__Prompt__: Your answer must be the full set of records, copied exactly, with no pictures in it.

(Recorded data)
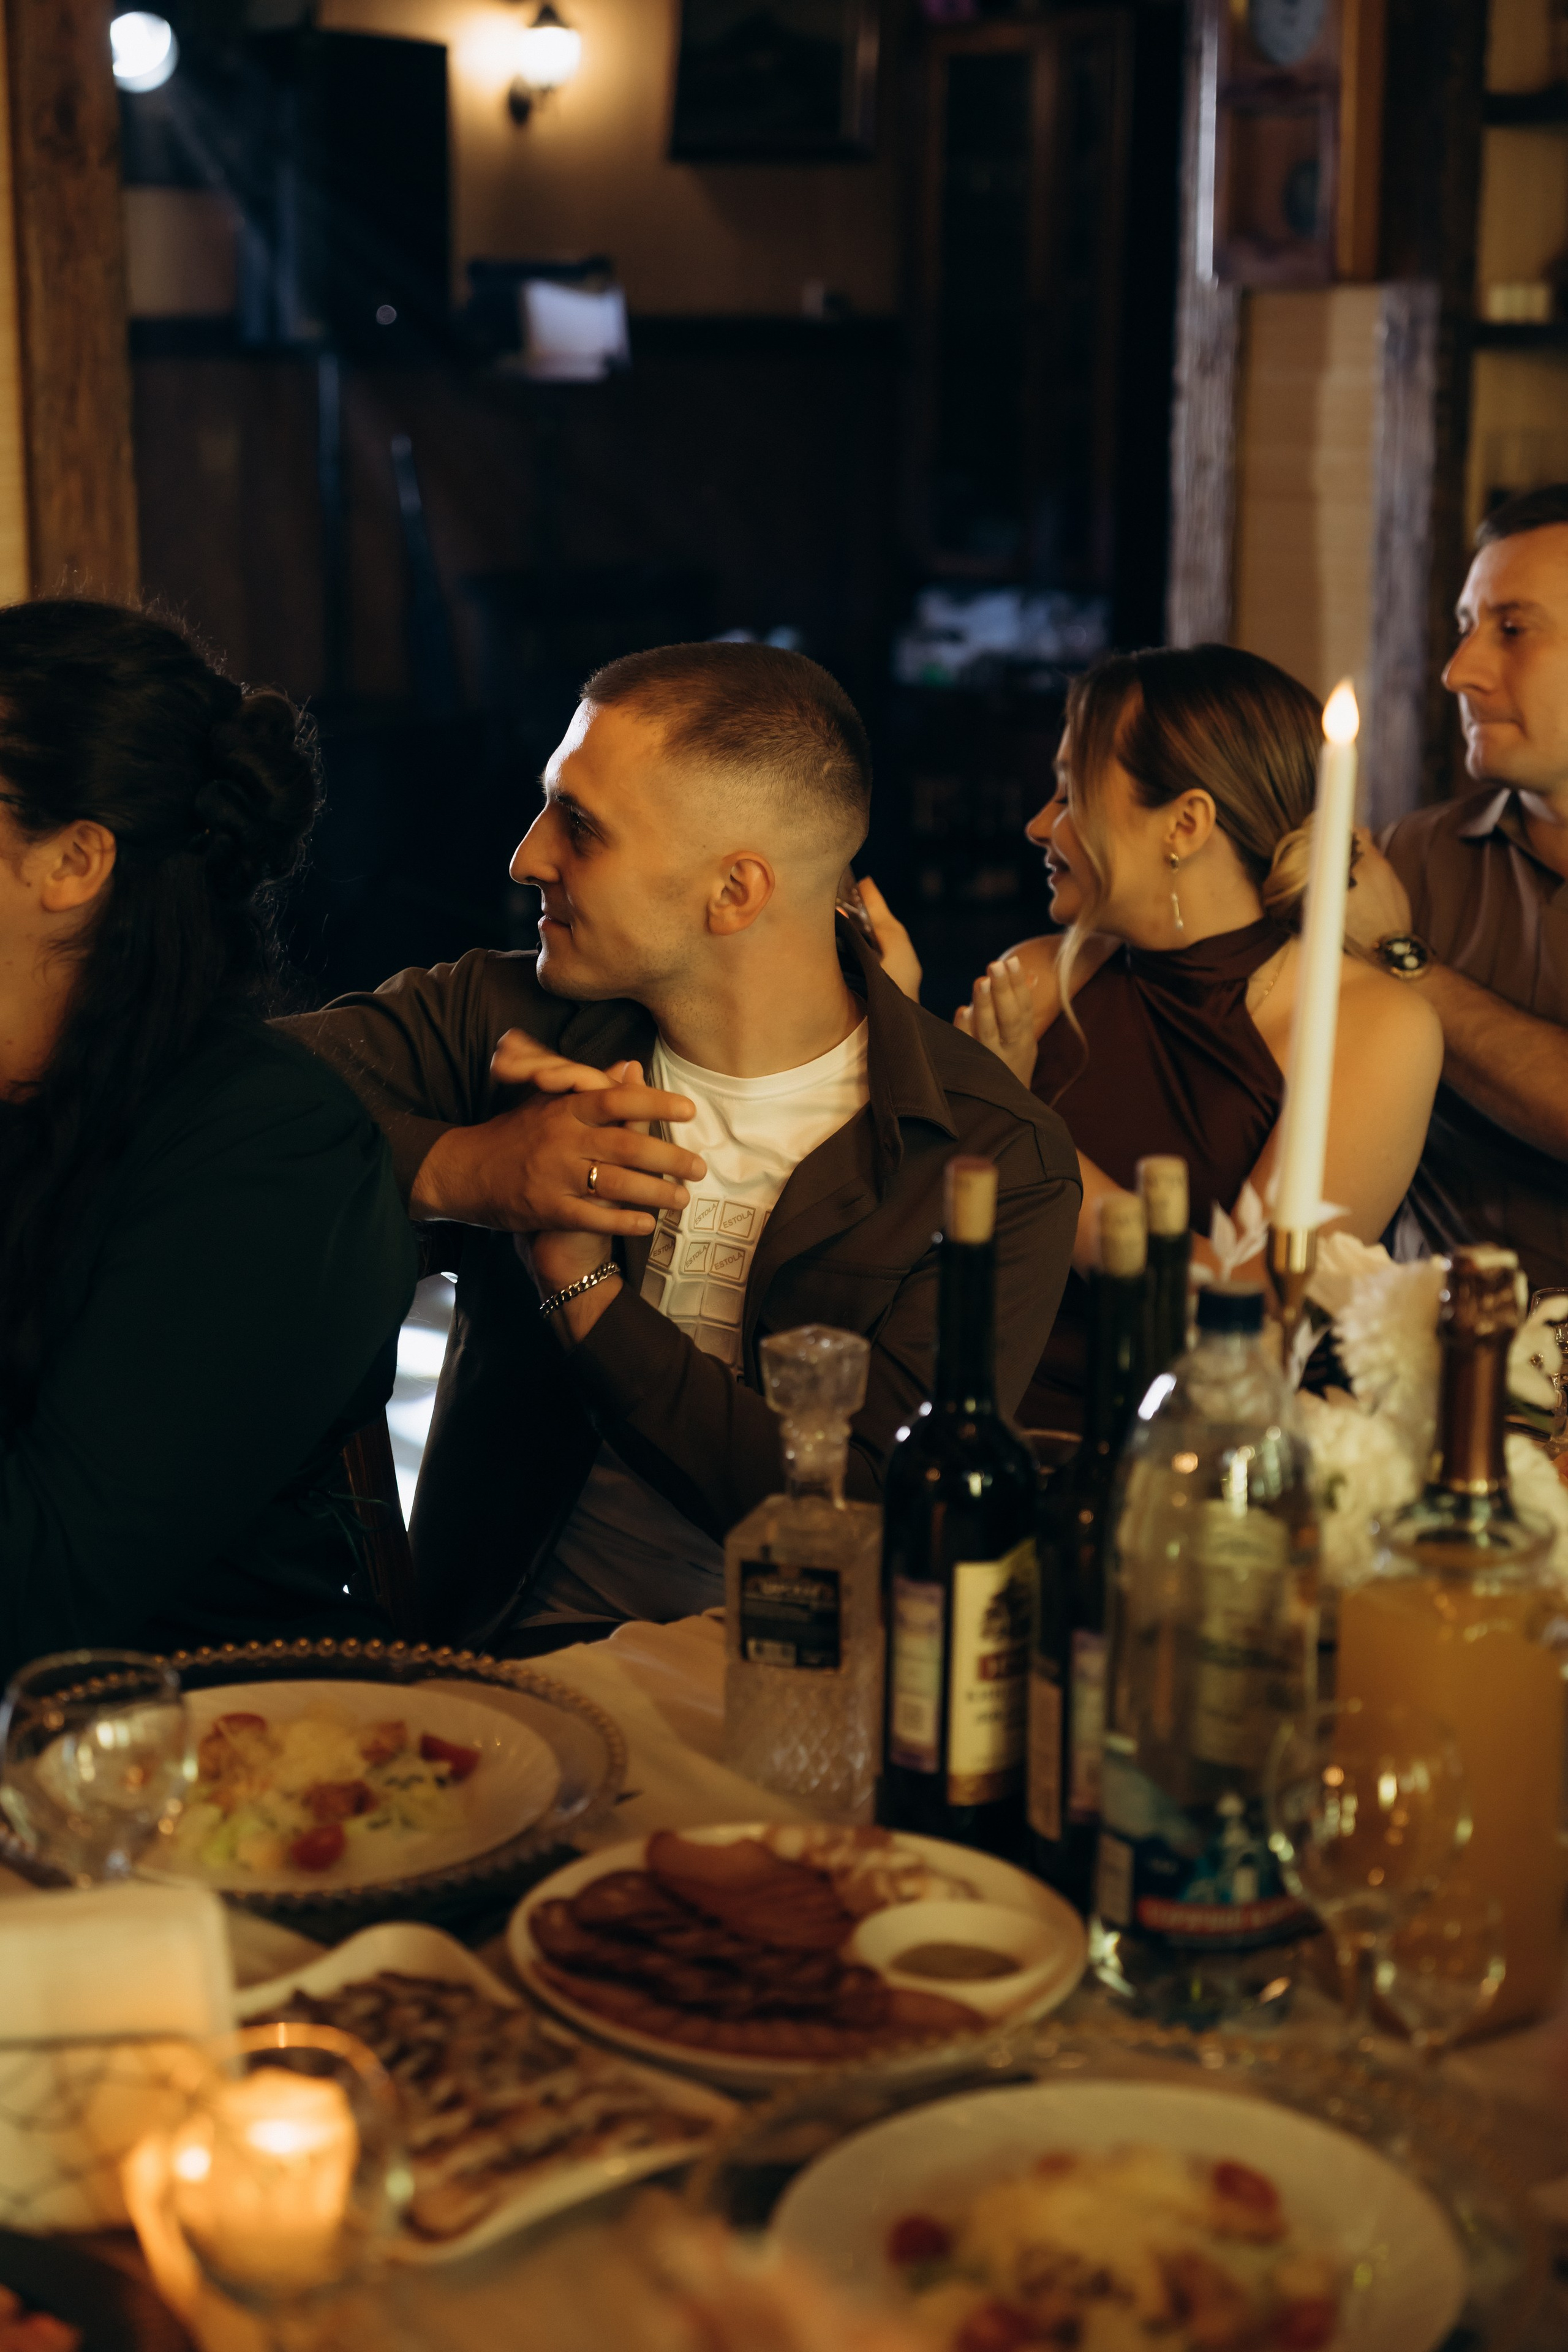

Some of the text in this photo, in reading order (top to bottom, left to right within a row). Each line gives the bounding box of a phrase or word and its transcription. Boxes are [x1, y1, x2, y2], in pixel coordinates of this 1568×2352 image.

[694, 1203, 717, 1225] ESTOLA
[723, 1210, 753, 1229] ESTOLA
[653, 1241, 673, 1257] ESTOL
[685, 1245, 707, 1268] ESTOLA
[714, 1252, 743, 1270] ESTOLA
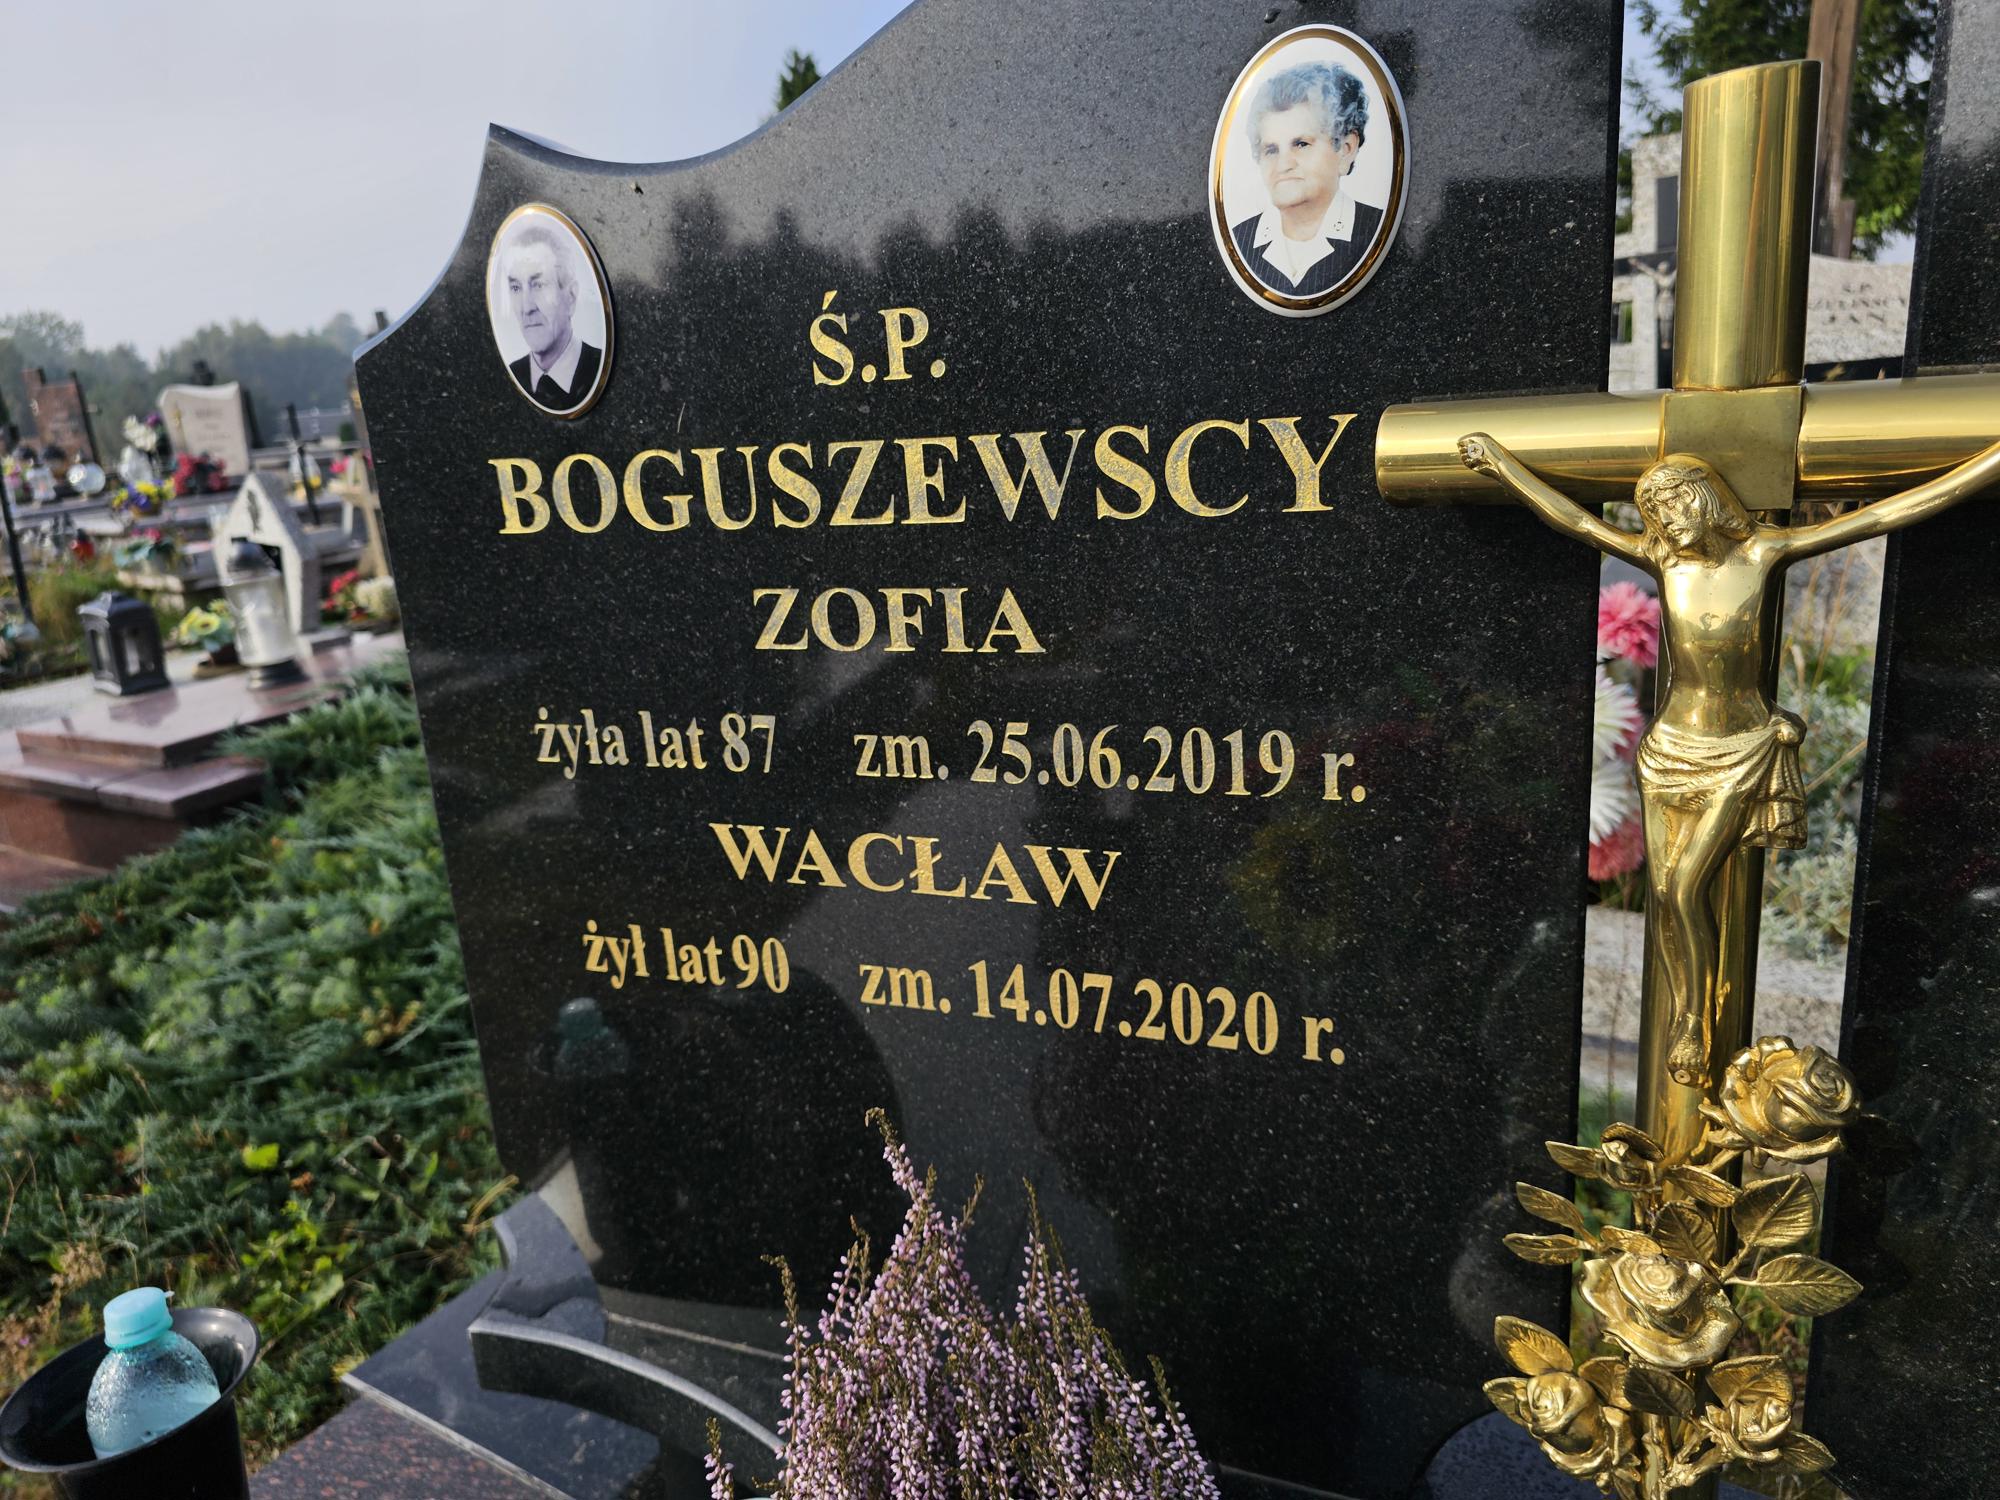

__Reply to the task__:
Some of the text in this photo, in reading order (top to bottom, left to right within a row). Each line gives the bounding box of a phrase or word and its transcription. Boxes are [x1, y1, x2, y2], in pixel coordinates of this 1568×2352 image.

[694, 1203, 717, 1225] ESTOLA
[723, 1210, 753, 1229] ESTOLA
[653, 1241, 673, 1257] ESTOL
[685, 1245, 707, 1268] ESTOLA
[714, 1252, 743, 1270] ESTOLA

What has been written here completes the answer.